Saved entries
[Start of Attachment]

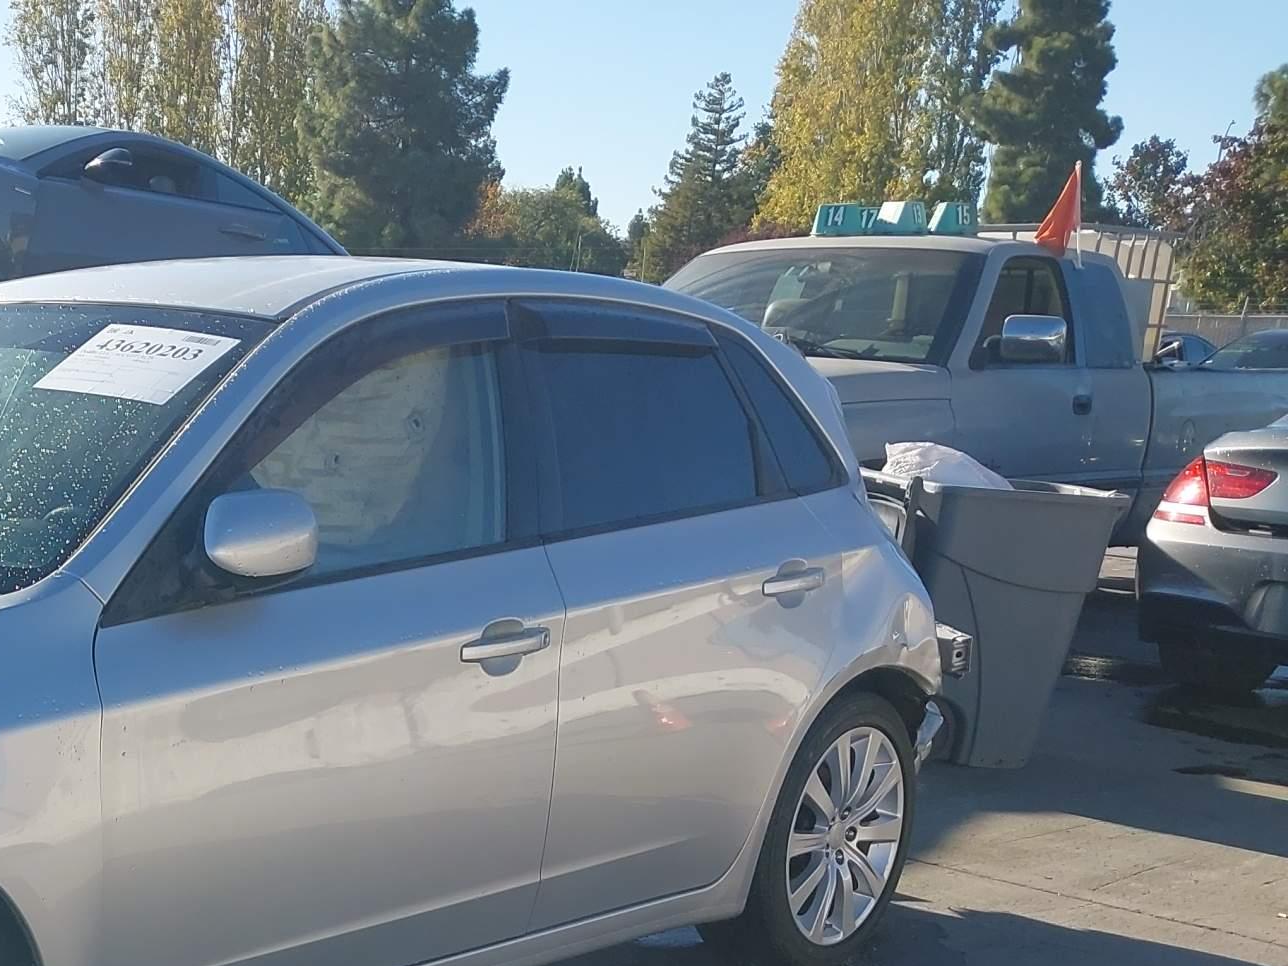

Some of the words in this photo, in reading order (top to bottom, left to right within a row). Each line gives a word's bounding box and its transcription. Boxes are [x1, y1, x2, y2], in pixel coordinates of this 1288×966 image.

[827, 206, 845, 227] 14
[861, 208, 879, 229] 17
[956, 205, 971, 225] 15
[96, 338, 203, 361] 43620203

[End of Attachment]

Word for word, reproduce all of the data, but keep out the pictures.

Some of the words in this photo, in reading order (top to bottom, left to right within a row). Each line gives a word's bounding box and its transcription. Boxes are [x1, y1, x2, y2], in pixel coordinates of this 1288×966 image.

[827, 206, 845, 227] 14
[861, 208, 879, 229] 17
[956, 205, 971, 225] 15
[96, 338, 203, 361] 43620203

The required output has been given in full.